Unable to give a clear, solid answer then or now, Exodus relies on the false dichotomy that “gay” and “Christian” oppose one another. And in fact, they incorrectly interpret- and therfore, deflect – the question at hand:

…I had to realize the REAL question hidden underneath the surface question. It was not ultimately about success rates, but about hope. Can I change? Can things be different? Can I live a normal life? Can I have hope?

Actually, when someone asks what the success rate is, it’s probably fair to assume that this is exactly what they’re asking for. They want some kind of hard data to assess whether it would be worth spending years – sometimes decades – of their lives and possibly thousands of dollars on therapy that will ultimately not make them any more opposite-sex attracted. If somebody gives a success rate of 15%, that person might not think it worth it to enter into a ministry. Others might cling to such a number, thinking they might be in the lucky 15% that wins the heterosexual lottery, so to speak. But giving an answer of “unknown” does not generally  instill confidence.

What is your success rate?
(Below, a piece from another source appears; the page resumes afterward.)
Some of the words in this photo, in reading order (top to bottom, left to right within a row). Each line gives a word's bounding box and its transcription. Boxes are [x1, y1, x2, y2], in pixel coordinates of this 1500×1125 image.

The answer never really was a WHAT. It always is a WHO. Jesus Christ is “success” because He was obedient to the Father’s plan. When we find our identity in Christ and not in our own strengths or weaknesses, we too can find success in living. Not perfection, but perseverance. Not absence of temptation, but freedom from feeling we have to give in. Not a guarantee by following rules, but genuine hope empowered by grace.
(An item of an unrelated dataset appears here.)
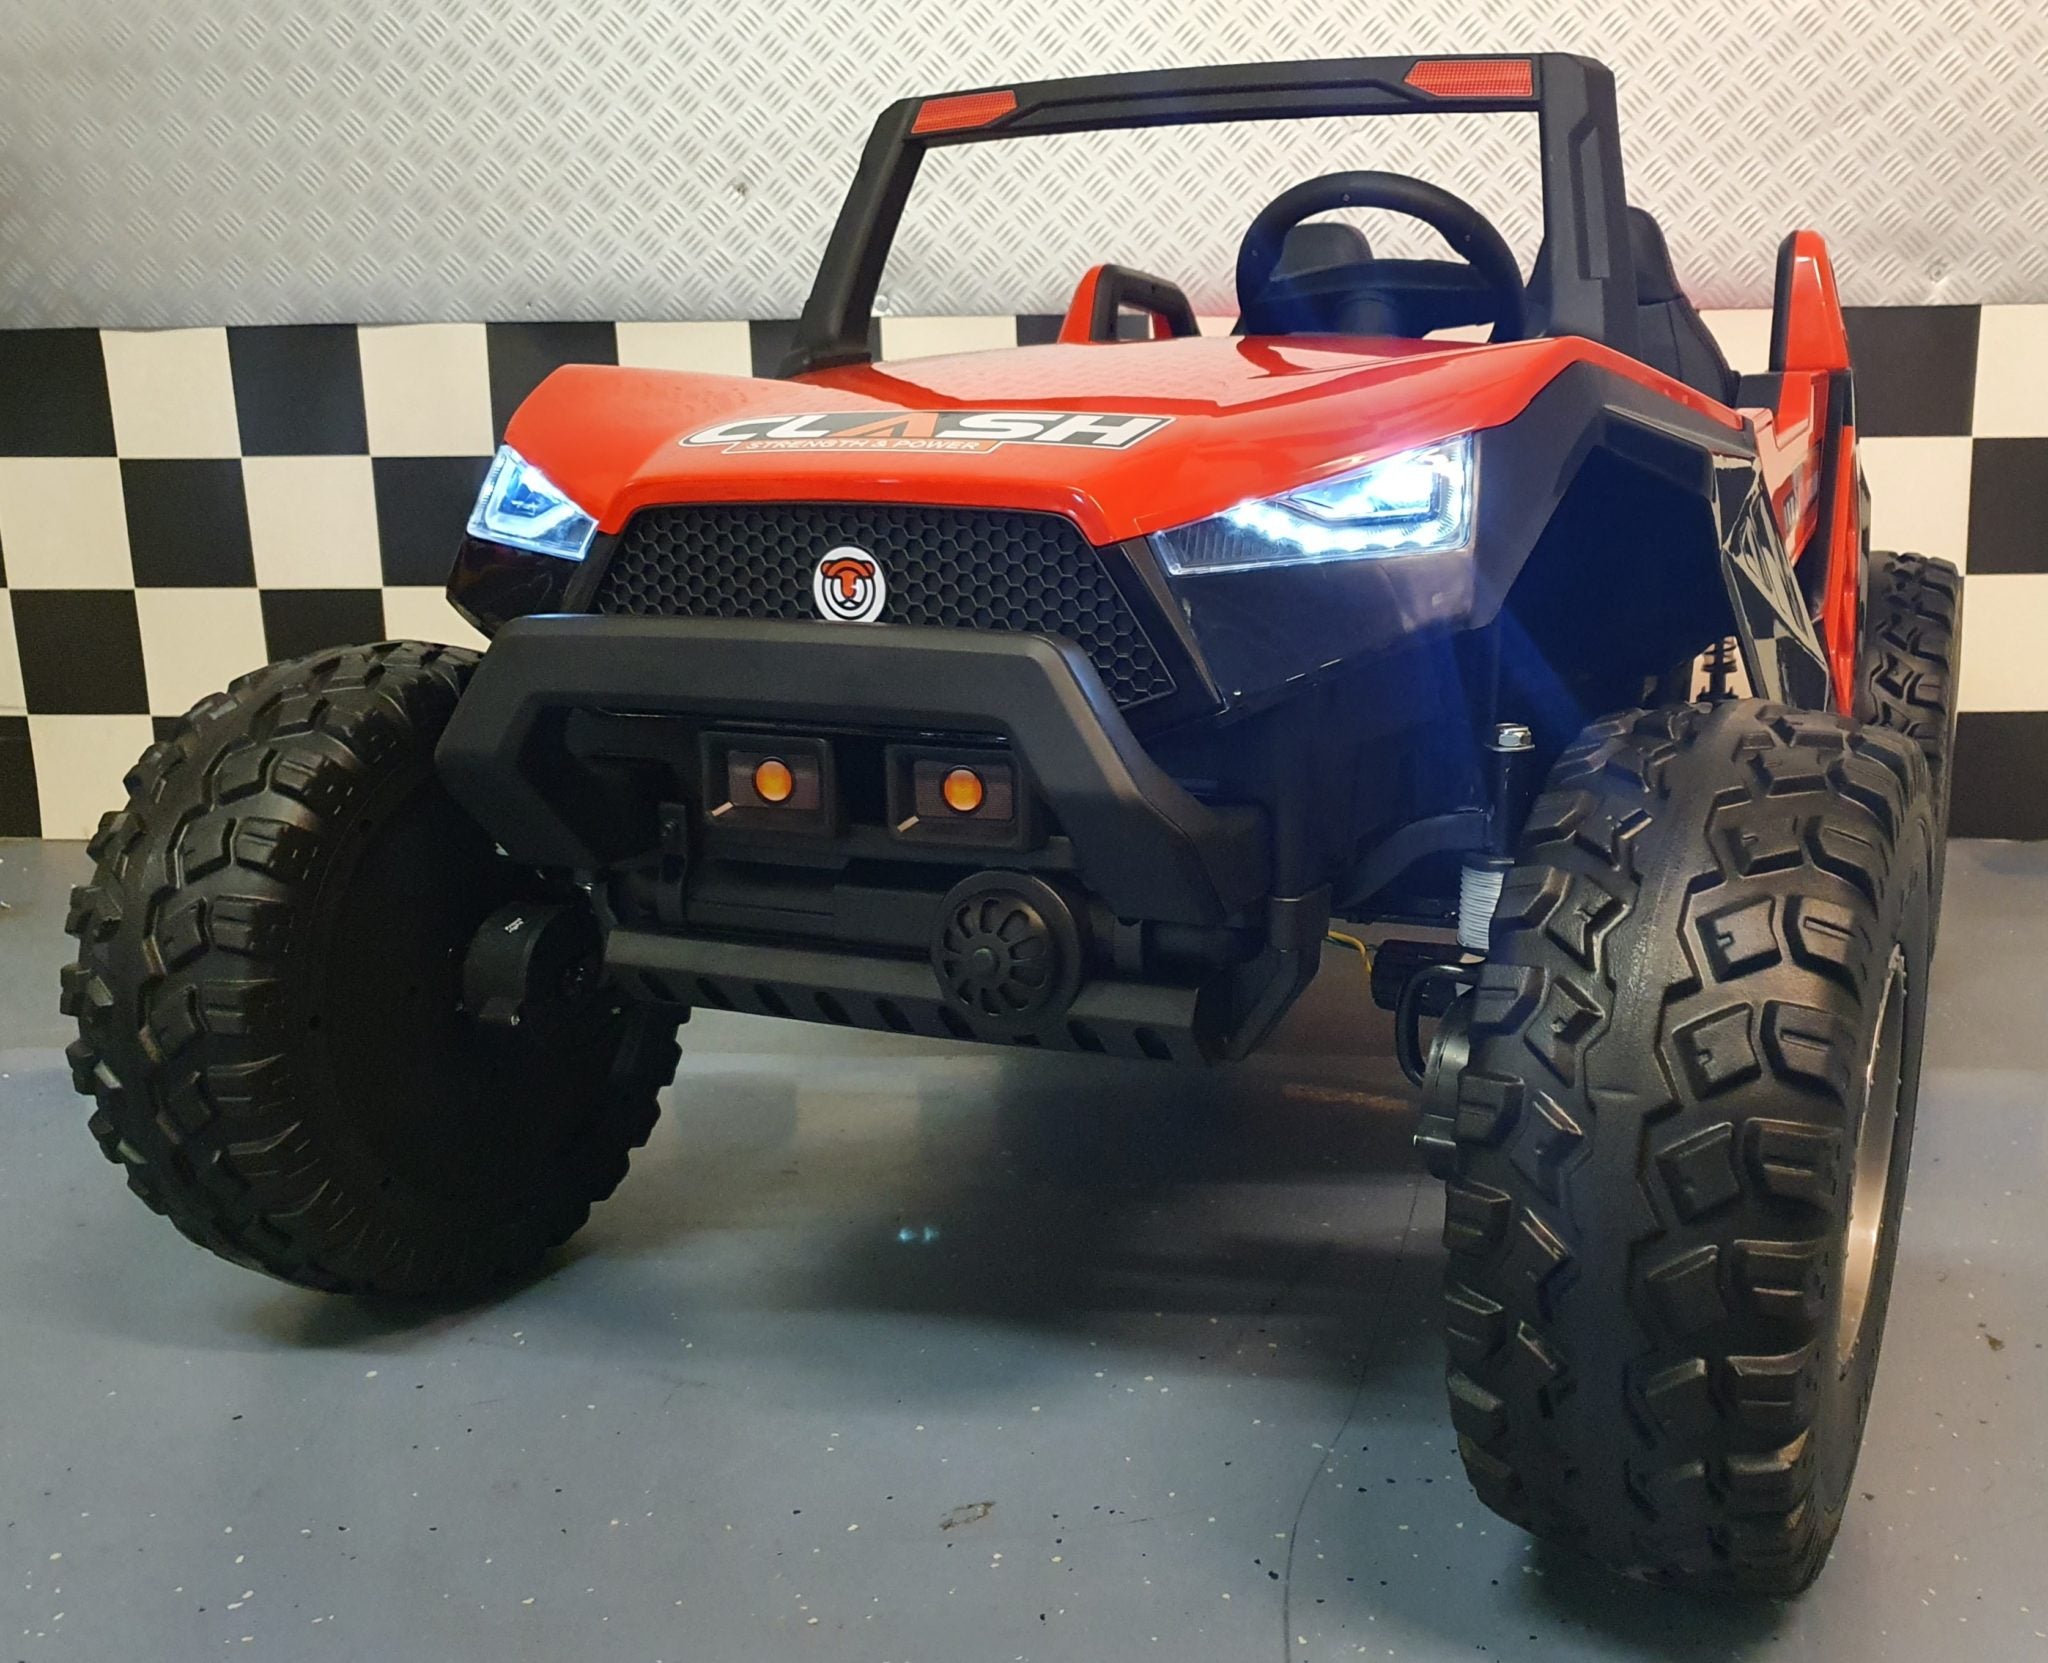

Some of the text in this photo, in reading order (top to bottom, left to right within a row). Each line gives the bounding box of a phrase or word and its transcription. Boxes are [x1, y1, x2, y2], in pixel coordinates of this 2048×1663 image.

This ignores, of course, the many LGBTQ’s who indeed have a strong relationship with Jesus and their Creator. If “Jesus Christ is ‘success'” and those sexual minorities indeed have an “identity in Christ,” then would Exodus consider those people to be success stories? Probably not, because in their view, being “gay-identified” – in other words, honest about one’s attractions – is identifying with one’s “weaknesses.” Plenty live “normal” lives and are fulfilled spiritually.
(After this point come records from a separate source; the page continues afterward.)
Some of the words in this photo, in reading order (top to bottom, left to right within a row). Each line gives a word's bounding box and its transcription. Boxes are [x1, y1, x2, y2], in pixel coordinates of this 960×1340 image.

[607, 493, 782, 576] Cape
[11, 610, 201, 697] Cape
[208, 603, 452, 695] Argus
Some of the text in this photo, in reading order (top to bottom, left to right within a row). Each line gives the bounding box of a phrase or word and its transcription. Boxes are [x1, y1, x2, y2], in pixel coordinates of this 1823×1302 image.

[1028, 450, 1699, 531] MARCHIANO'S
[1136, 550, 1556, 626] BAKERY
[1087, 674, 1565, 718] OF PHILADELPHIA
One can, however, be romantically and sexually honest about their attractions without acting upon them, if they find that is contrary to their convictions. This is known by many in the gay Christian community as “Side B.”

Perhaps the deepest success of Exodus has been in restoring a sanctified imagination to those who’ve grown devoid of hope. From that beginning point, we can engage in a trajectory of transformation toward overcoming, restoration, and wholeness.

So it can be deduced that Exodus’ greatest success is not in making a gay person change into a straight person. Otherwise, they would have mentioned it. But this is what many people are looking for when they turn to an ex-gay ministry. This article gives the impression that Exodus is unable to provide this.

At the end of the post, Brad mentions a “scientific study” that they at long last have to reference – the Jones and Yarhouse Study. But this publication has been repeatedly exposed for its glaring flaws in the manner in which it was conducted. Even if the results of the study – a “23% success rate” – are to be taken at face value, that still points to a 77% fail rate. And even the authors themselves admit that said “success” does not necessarily mean “opposite sex attracted,” it means “chastity or celibacy.” Not one “success” story is reported to have relinquished their same sex attractions.

If Exodus’ goal is to help gays live a celibate life, they should say so outright. Touting a false dichotomy and a flawed study as evidence of “success” hides a non-existant gay-to-straight success rate and misleads those looking for such results.